Credo che ad un giovane francese non comporti alcun problema se la propria compagna di classe si copra i capelli con un velo. Il problema è per gli adulti bianchi occidentali della classe dirigente francese, che per accontentare una propria componente xenofobo-razzista ha fatto promulgare dal governo una legge di fatto umiliante, punitiva e discriminatoria contro l’immigrazione araba; legge, lei si “velata” da legge contro l’ostentazione di qualsiasi simbolo religioso. Ora ne entro in merito.
Beffa della Storia, proprio durante i festeggiamenti del bicentenario della Rivoluzione Francese (libertè, fraternitè..) nel 1989 tre ragazze di 14 anni , Samira Leila e Fatimah, furono espulse perché si presentarono a scuola col velo in testa, come richiesto dall’attuale interpretazione della religione islamica. Da quell’anno in poi centinaia e centinaia furono le espulsioni di studentesse, fino al varo della Legge, entrata in vigore questo settembre, legge che testualmente dice all’art 1: ''E’ vietato nelle scuole indossare simboli o indumenti che ostentino l’appartenenza religiosa''.
La legge riguarda anche simboli religiosi come il turbante dei sikh, la kippah ebraica e la croce cristiana (se di grossa dimensione) ma ai più è apparso subito chiaro che il bersaglio principale di questa legge fosse il velo islamico (e l’immigrazione nordafricana). La norma non si applica nelle scuole private / cattoliche (che in Francia sono molto più che in Italia) e nei territori oltre confine. Il tutto in nome della laicità della scuola pubblica francese. Ma che la laicità sia un valore fondamentale della scuola francese è un grande falso visto che lo Stato francese paga con soldi pubblici e per intero lo stipendio agli insegnanti delle numerose scuole private cattoliche, dove naturalmente non vale il divieto di ostentazione dei simboli religiosi. Riassumendo in breve, abbiamo un lavoratore francese di origine nordafricana che paga le tasse con le quali lo Stato finanzia anche la scuola cattolica dove sono ostentate le croci; lo stesso lavoratore vede vietata alla figlia, pena l’espulsione, di velarsi il capo a scuola.

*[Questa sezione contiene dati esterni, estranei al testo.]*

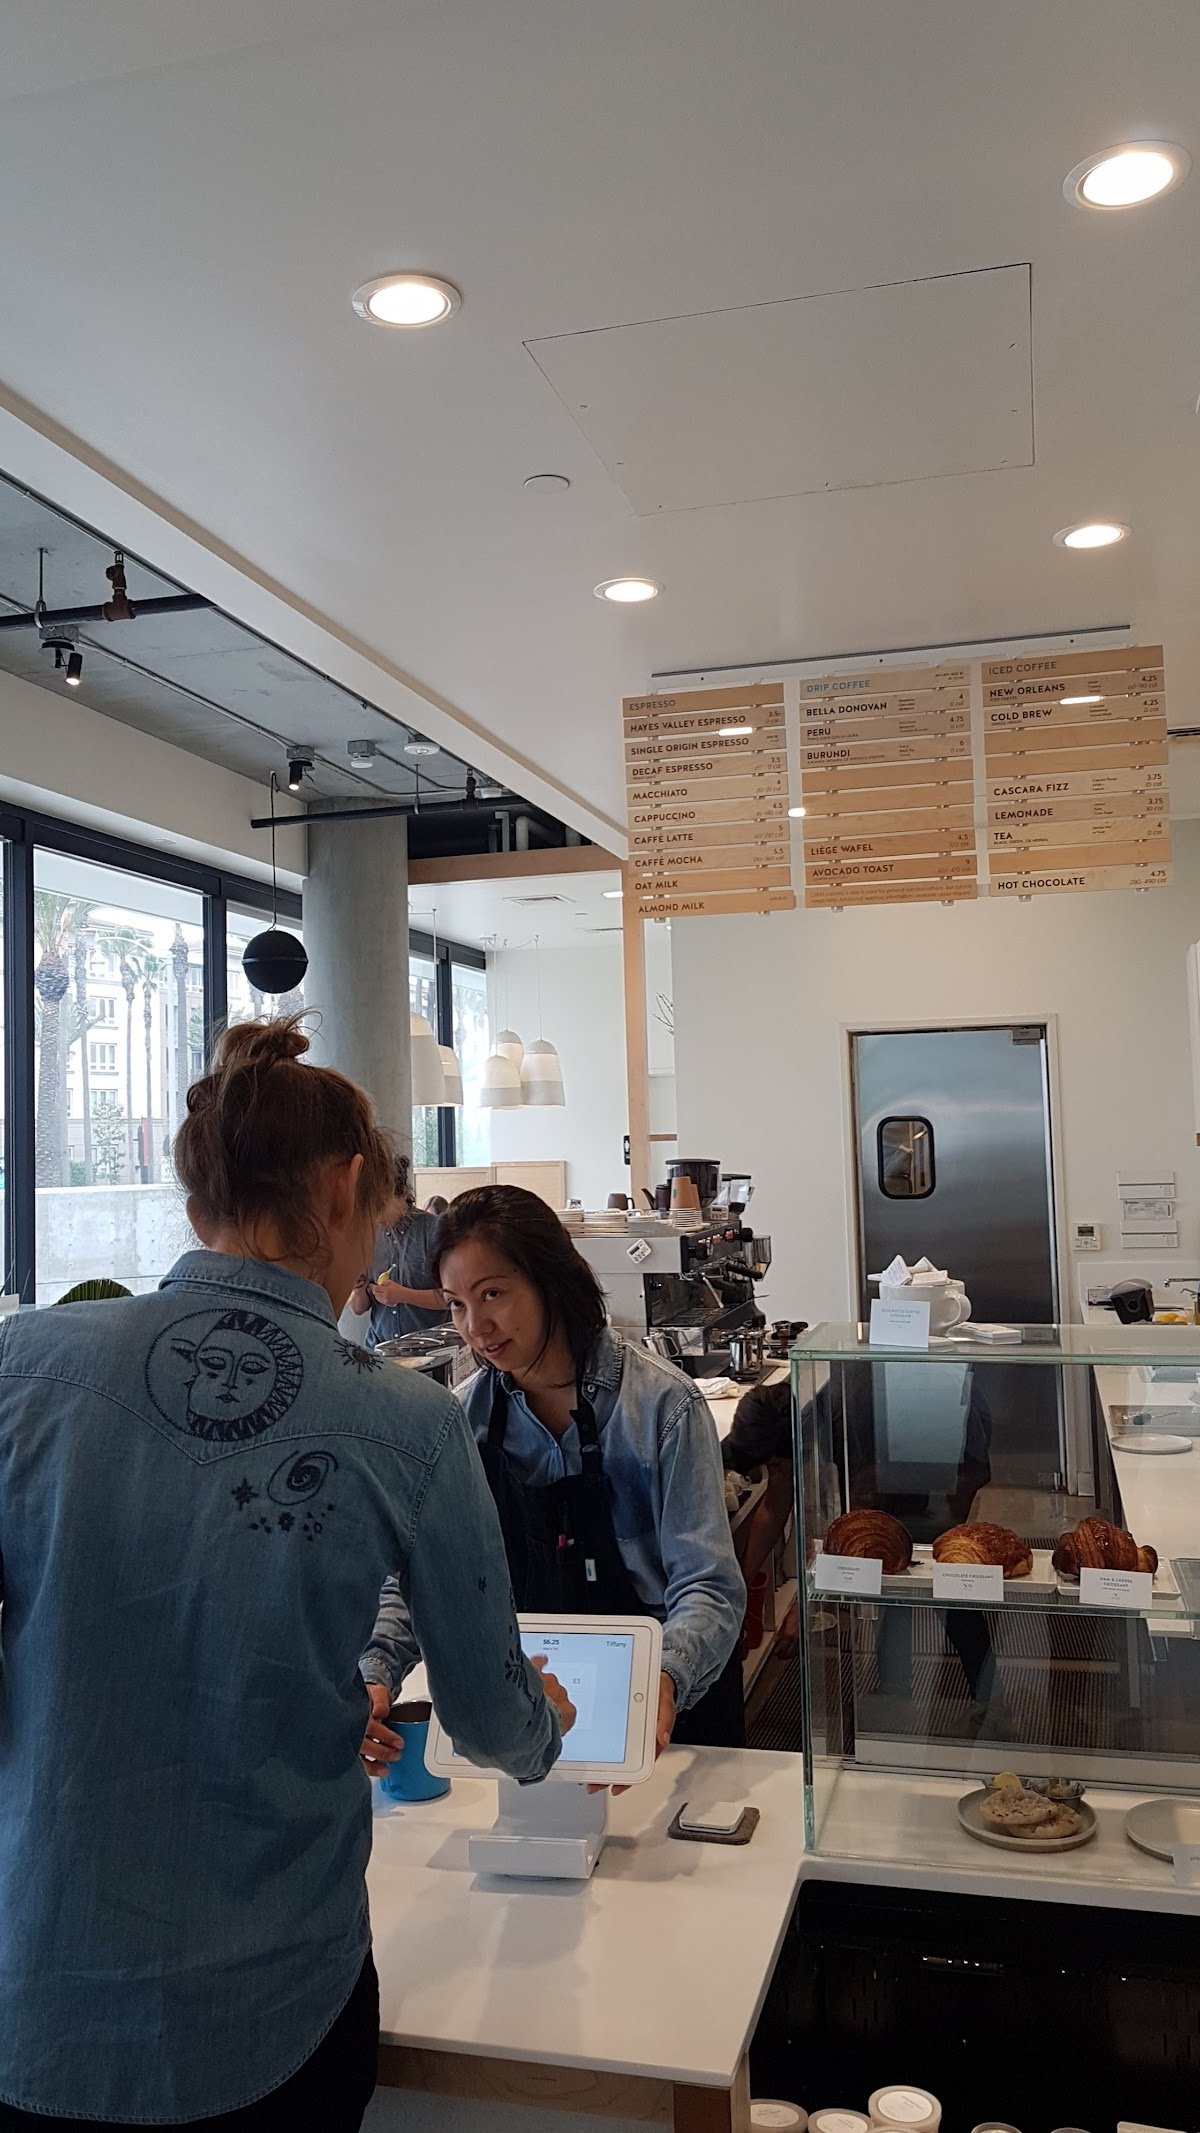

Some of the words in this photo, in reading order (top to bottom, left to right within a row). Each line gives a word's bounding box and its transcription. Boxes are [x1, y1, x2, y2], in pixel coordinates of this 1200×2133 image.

[989, 666, 1012, 675] ICED
[1017, 661, 1057, 672] COFFEE
[807, 684, 829, 693] DRIP
[832, 680, 870, 689] COFFEE
[990, 688, 1014, 697] NEW
[1018, 683, 1065, 695] ORLEANS
[629, 700, 676, 711] ESPRESSO
[807, 708, 835, 717] BELLA
[838, 702, 887, 713] DONOVAN
[991, 712, 1019, 721] COLD
[1022, 709, 1052, 719] BREW
[631, 721, 659, 732] HAYES
[662, 718, 695, 729] VALLEY
[698, 716, 746, 726] ESPRESSO
[807, 728, 831, 737] PERU
[631, 745, 663, 755] SINGLE
[666, 742, 698, 752] ORIGIN
[701, 738, 749, 749] ESPRESSO
[807, 750, 850, 760] BURUNDI
[632, 766, 662, 776] DECAF
[666, 762, 713, 773] ESPRESSO
[633, 789, 688, 800] MACCHIATO
[994, 785, 1043, 796] CASCARA
[1047, 783, 1069, 791] FIZZ
[634, 812, 696, 823] CAPPUCCINO
[995, 808, 1053, 820] LEMONADE
[634, 834, 664, 844] CAFFÈ
[667, 833, 694, 842] LATTE
[994, 832, 1013, 840] TEA
[811, 845, 838, 855] LIÈGE
[841, 844, 873, 852] WAFEL
[635, 856, 664, 867] CAFFÈ
[668, 856, 703, 865] MOCHA
[812, 866, 860, 877] AVOCADO
[863, 864, 894, 873] TOAST
[656, 880, 679, 889] MILK
[998, 881, 1018, 890] HOT
[1022, 877, 1085, 888] CHOCOLATE
[639, 903, 678, 913] ALMOND
[682, 902, 704, 910] MILK

E così la Francia, paese dove culturalmente si è affermato il principio di libertà, lo converte ora in un rifiuto delle libertà delle singole persone. Un’occasione di riflessione a questo punto è su quanto sia relativo il concetto di libertà: quando la libertà diventa un peso al controllo ed al dominio sociale , viene tranquillamente sacrificata. Il deputato verde francese Cohn Bendit ha così commentato la legge: ''La scuola laica, tollerante, aperta, ciò che essa ancor oggi assolutamente non è, deve accettare tutte le ragazze –con o senza velo- perché è la scuola che deve essere laica e non i ragazzi.''.

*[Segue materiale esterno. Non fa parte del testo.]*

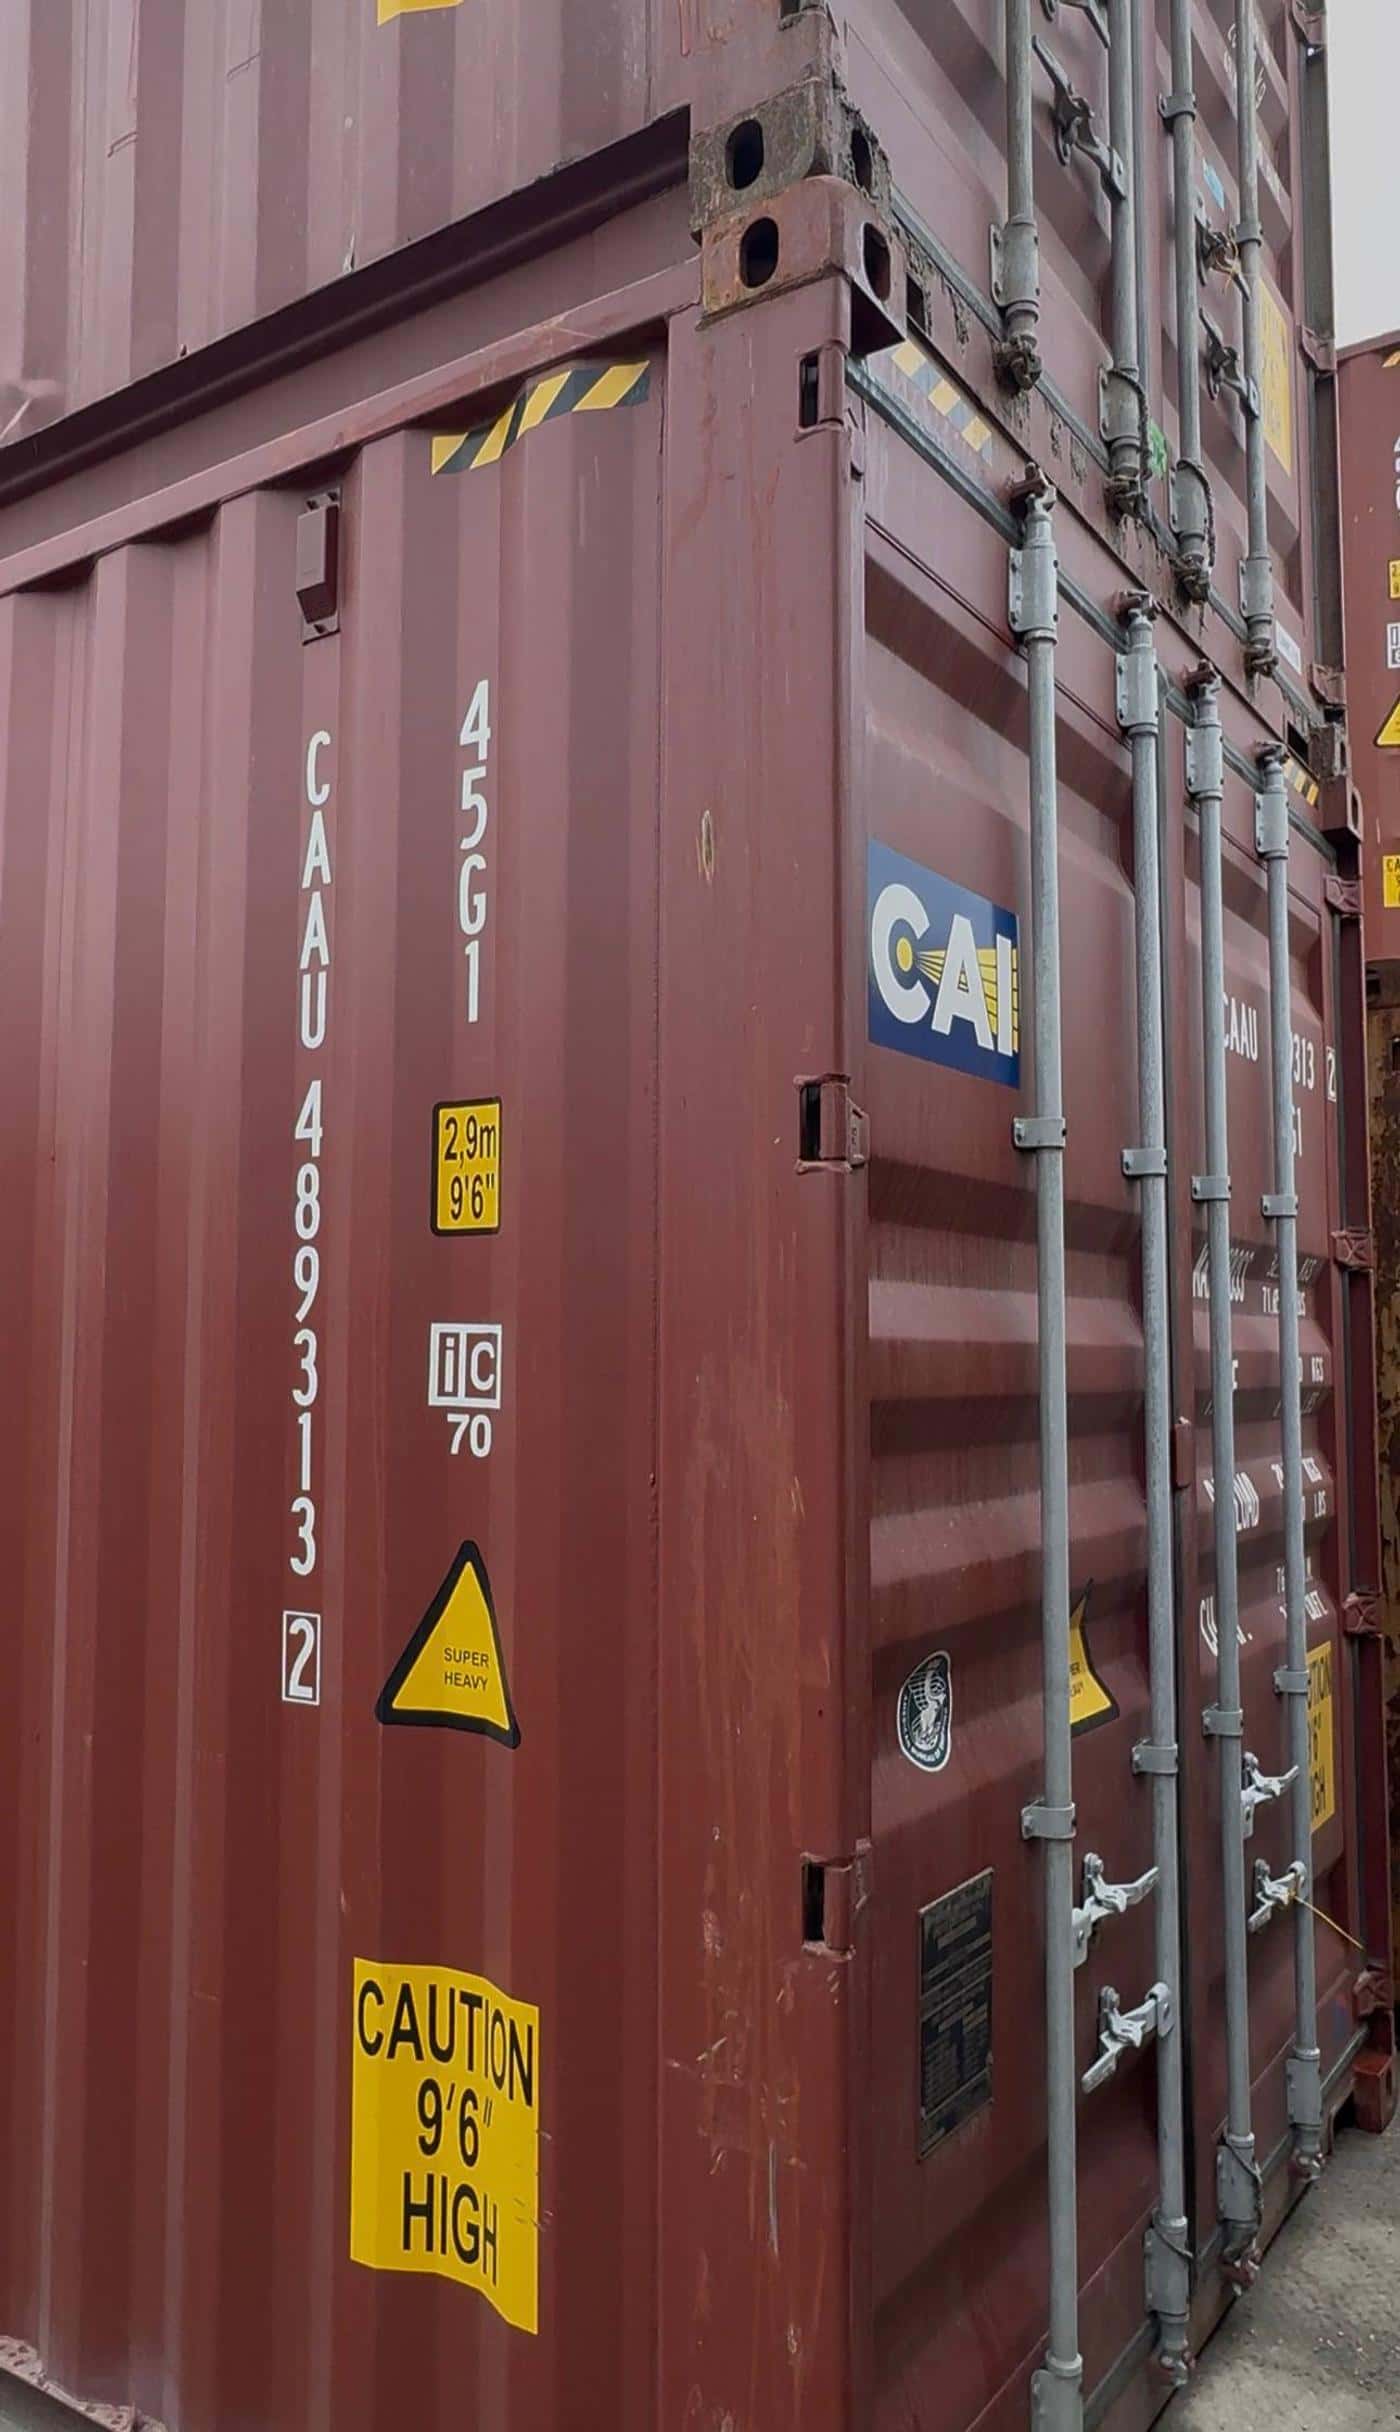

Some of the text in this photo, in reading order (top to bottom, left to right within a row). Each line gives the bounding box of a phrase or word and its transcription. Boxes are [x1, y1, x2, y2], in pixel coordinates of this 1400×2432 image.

[459, 679, 491, 1022] 45G1
[871, 883, 1013, 1057] CAI
[444, 1115, 497, 1168] 2,9m
[288, 730, 331, 1699] CAAU 489313 2
[450, 1173, 495, 1221] 9'6"
[447, 1414, 492, 1457] 70
[444, 1647, 490, 1668] SUPER
[444, 1672, 489, 1691] HEAVY
[357, 1980, 533, 2106] CAUTION
[418, 2078, 492, 2168] 9'6"
[402, 2171, 498, 2287] HIGH

Oltre al pretesto della laicità della scuola, i difensori della legge ricorrono ad un’altra giustificazione: la legge proteggerebbe le ragazze islamiche dagli obblighi del velo imposti dalle loro famiglie. Ma, aldilà del fatto che lo scontro tra giovani e adulti andrebbe lasciato al naturale scontro generazionale figli-genitori , occorre altresì ricordare una delle affermazioni-chiave del movimento delle donne: ''I tempi delle donne sono i tempi che le donne si danno''. E lasciamo che ogni società sviluppi le proprie contraddizioni secondo i propri tempi ed il proprio stadio economico di crescita (a 14 secoli dalla sua nascita il cristianesimo allestiva i roghi su cui arse migliaia/milioni di persone e da non molto aveva riconosciuto che anche le donne potessero avere l’ anima).
E in Italia?
Benché la Scuola Italiana debba essere laica per Costituzione, conserva indebitamente i crocefissi in molte sue aule; inoltre, per il Concordato (legge tra Stato Italiano e Stato del Vaticano) i bambini già dalla scuola materna sono condizionati a svolgere due ore settimanali di religione cattolica (pena essere separati dai compagni, per svolgere un'attività alternativa). Il Concordato ha permesso alla religione cattolica di detenere nella scuola una posizione di monopolio della fede; non risulta che altre religioni possano avere spazio nelle nostre scuole. Possiamo invece immaginare lo scandalo che creerebbe la presenza di un religioso islamico in una scuola pubblica per fare lezione di religione agli studenti mussulmani. In Italia quindi si ostentano simboli religiosi cattolici sia nella scuola pubblica sia in quella privata, anche da noi sempre meno privata in quanto ricorre al finanziamento pubblico.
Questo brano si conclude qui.